The Life That Carries Us


The Life That Carries Us

The Life That Carries Us

The Life That Carries Us

In Joachim Trier’s The Worst Person in the World, Julie does not seem like the worst person in the world. This matters because the title prepares us for a moral judgment the film never quite gives. It does not ask us to condemn her. It asks us to watch her move through a life that will not hold still long enough to become clear.

At the beginning she is still becoming someone. She studies medicine, then psychology, then photography. She tries on forms of seriousness. Each choice seems plausible while she is inside it, and then slightly false once she has moved beyond it. The film does not treat this as a defect of character. It treats it as a condition. There is an age, and perhaps there is more than one age, when life seems to ask for a decision before the self has arrived to make it.

Julie is not empty. She is not stupid. She is not cruel in any simple way. She is alive to the pressure of possible lives. She can feel the outline of a future before she has chosen whether she wants it. This is what gives the film its tension. It is not only about indecision. It is about the difficulty of knowing whether a life is truly yours, or whether you are simply walking into the version of yourself that has been prepared for you by habit, romance, culture, age, and the expectations of other people.

That is the word that keeps returning: script. Julie is trying to live one. She does not always know it. She moves from one version of life to another, and each version seems to offer a shape. Become a doctor. Become a psychologist. Become a photographer. Become the young woman with the older, serious man. Become the woman who settles down, has children, makes the next right decision. None of these scripts are absurd. That is why they are so hard to resist. They look like ordinary life.

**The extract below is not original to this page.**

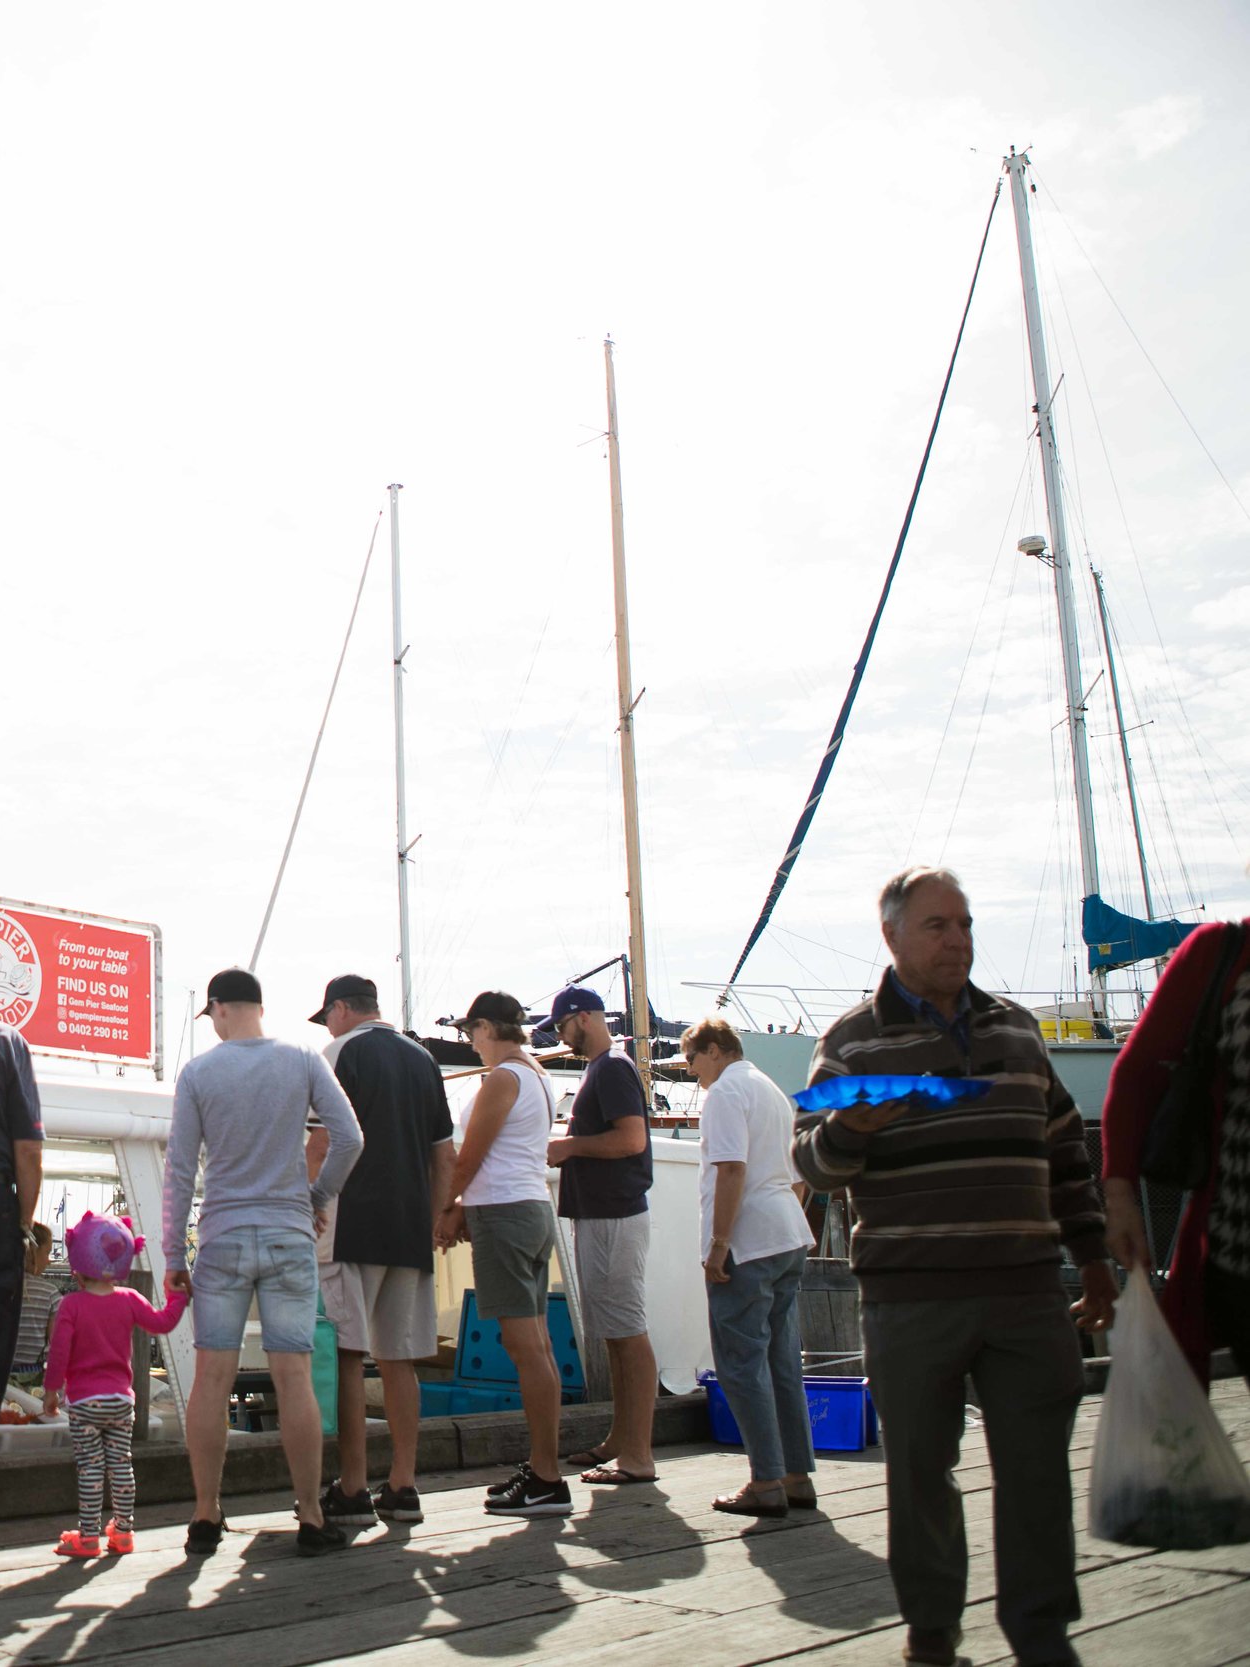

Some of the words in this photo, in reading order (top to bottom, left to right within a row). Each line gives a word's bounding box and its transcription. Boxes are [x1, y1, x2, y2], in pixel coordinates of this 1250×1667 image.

The pressure of a script is not that it is false from the beginning. It often contains truth. Medicine may have been a real interest. Psychology may have been a real thought. Photography may have been a real opening. Aksel may have been a real love. The problem is not that these lives are fake. The problem is that Julie cannot tell where her own desire ends and where the borrowed shape begins. She wants to live, but she also wants to recognise herself while living.

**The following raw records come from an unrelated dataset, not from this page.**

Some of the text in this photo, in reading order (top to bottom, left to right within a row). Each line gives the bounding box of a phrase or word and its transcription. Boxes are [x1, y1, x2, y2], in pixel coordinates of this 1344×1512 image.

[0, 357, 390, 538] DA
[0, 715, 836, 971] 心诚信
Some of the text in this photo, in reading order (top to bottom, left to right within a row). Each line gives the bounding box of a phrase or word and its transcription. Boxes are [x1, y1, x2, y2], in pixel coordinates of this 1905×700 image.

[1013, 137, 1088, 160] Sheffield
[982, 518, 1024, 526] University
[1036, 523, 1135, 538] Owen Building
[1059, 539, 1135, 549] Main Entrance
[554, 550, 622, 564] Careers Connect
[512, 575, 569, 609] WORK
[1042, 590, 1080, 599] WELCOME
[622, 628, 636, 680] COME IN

Aksel gives one version of that life. He is older, established, articulate, known. He has made things. He has opinions. He belongs to a cultural world of books, comics, interviews, apartments, taste, reputation. He has a settled density around him. Julie is drawn to him partly because he has shape. He knows what he has done and what he values. He can place himself in the world.

But that same shape begins to press on her. With Aksel comes the possibility of a future already arranged: a home, work, seriousness, perhaps children, perhaps a kind of adulthood she has not yet decided to enter. None of this is monstrous. The film understands that the expectations that govern us are often reasonable. They do not arrive as violence. They arrive as care, affection, stability, shared routines, and the next right thing.

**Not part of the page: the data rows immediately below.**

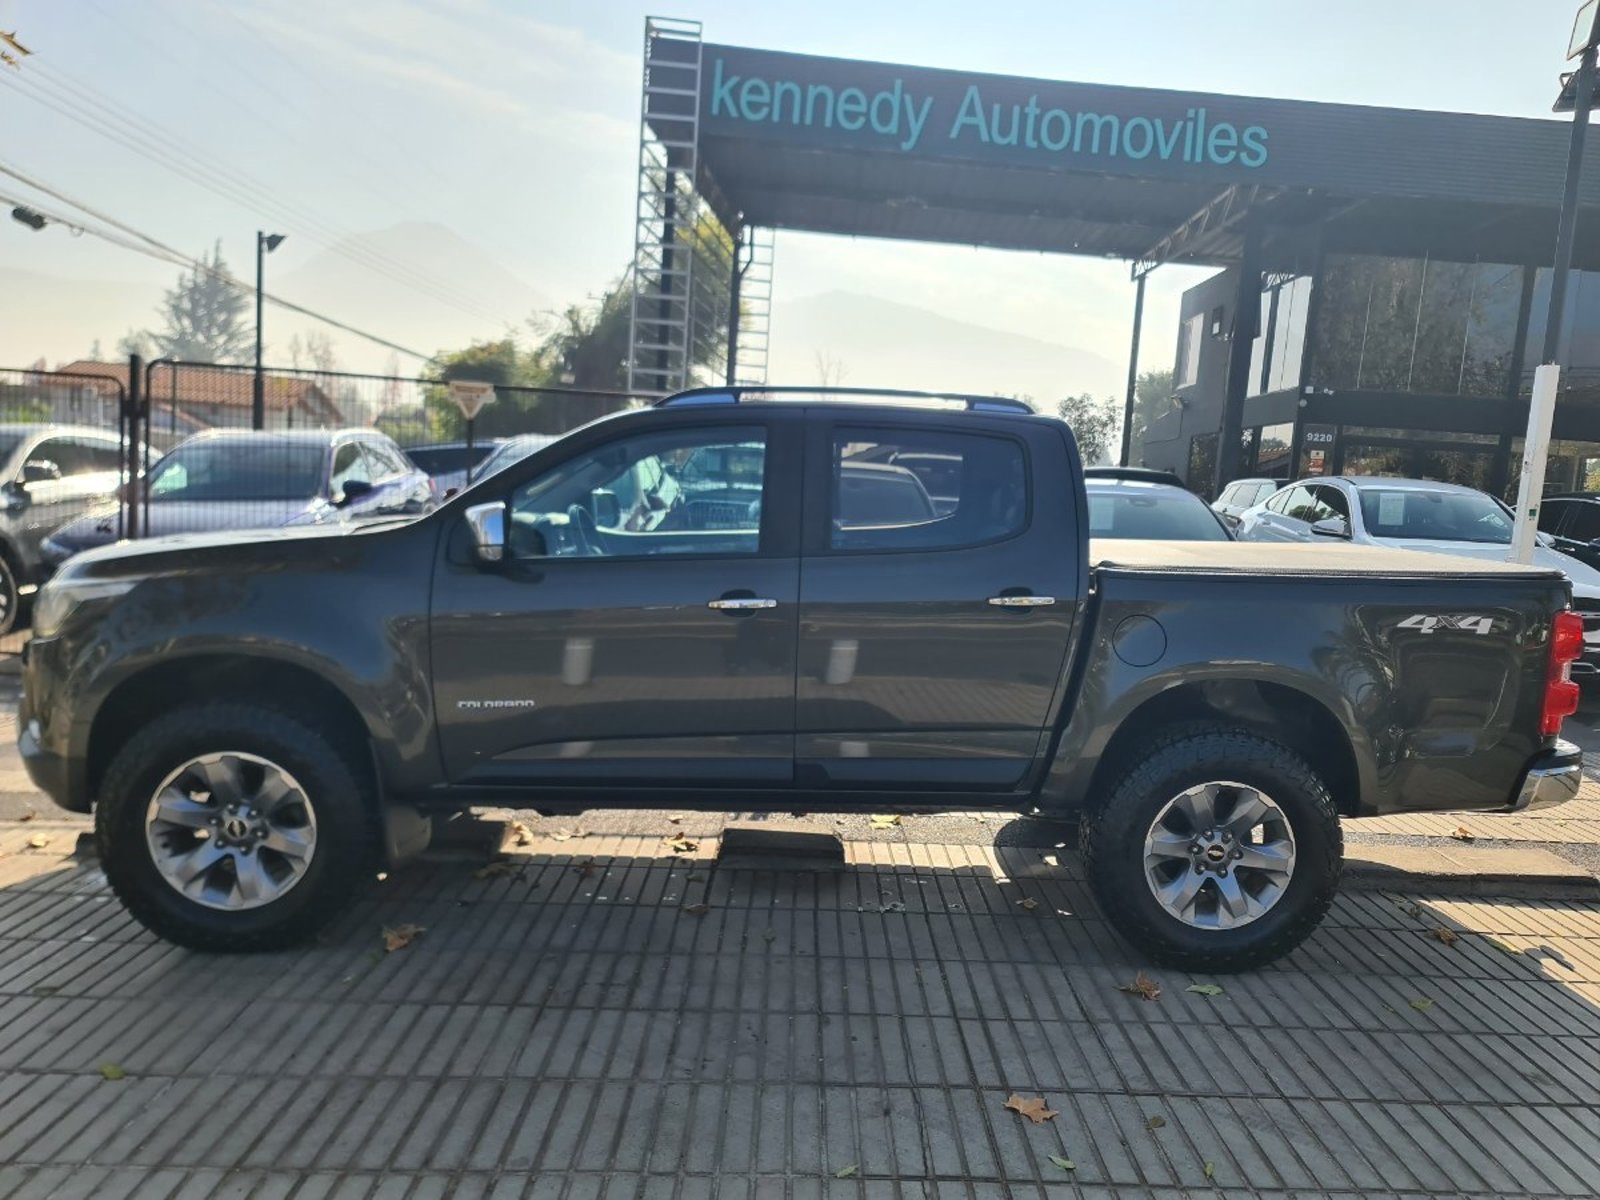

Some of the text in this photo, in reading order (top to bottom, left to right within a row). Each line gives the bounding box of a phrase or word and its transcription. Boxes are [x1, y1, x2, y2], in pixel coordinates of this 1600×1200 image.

[711, 59, 1269, 167] kennedy Automoviles
[1306, 432, 1333, 442] 9220
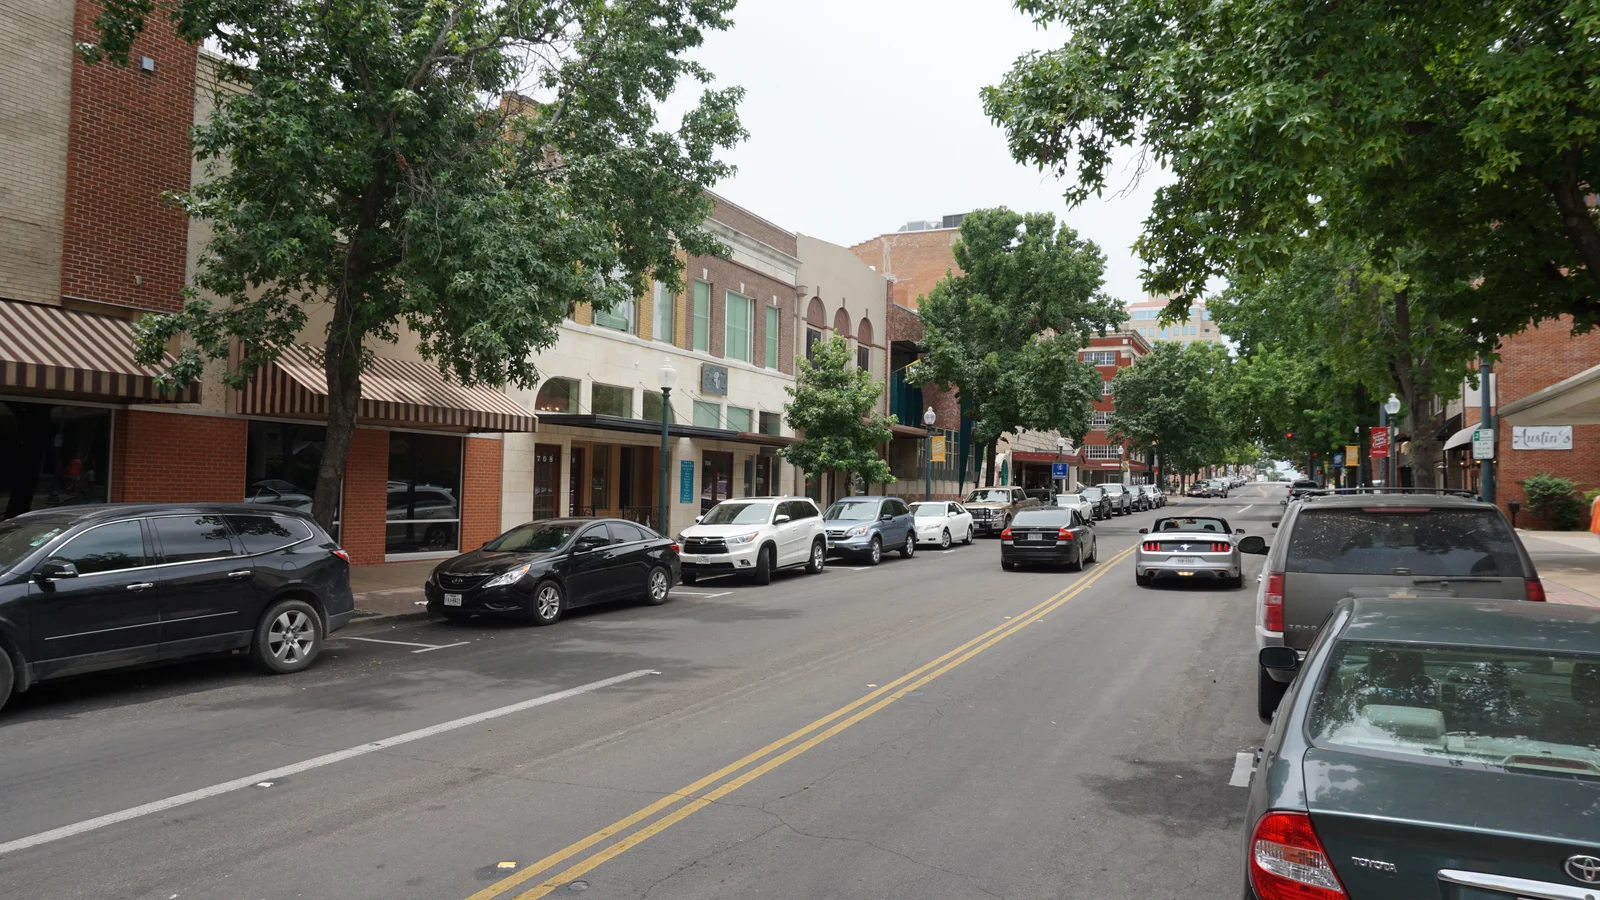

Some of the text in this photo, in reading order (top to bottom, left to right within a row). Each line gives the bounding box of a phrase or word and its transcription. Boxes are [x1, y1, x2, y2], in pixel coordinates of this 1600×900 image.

[1513, 428, 1571, 448] Austin's
[536, 455, 554, 463] 708
[1351, 856, 1398, 873] TOYOTA

Julie feels this and pulls away. The film is merciful because it does not make her freedom pure. Her refusal has its own evasions. She leaves too late. She wounds people. She mistakes intensity for clarity. She wants a life that feels chosen, but she often discovers what she wants only after she has stepped out of something. She is not a bad person. She is a person trying to be honest before she fully understands what honesty will cost.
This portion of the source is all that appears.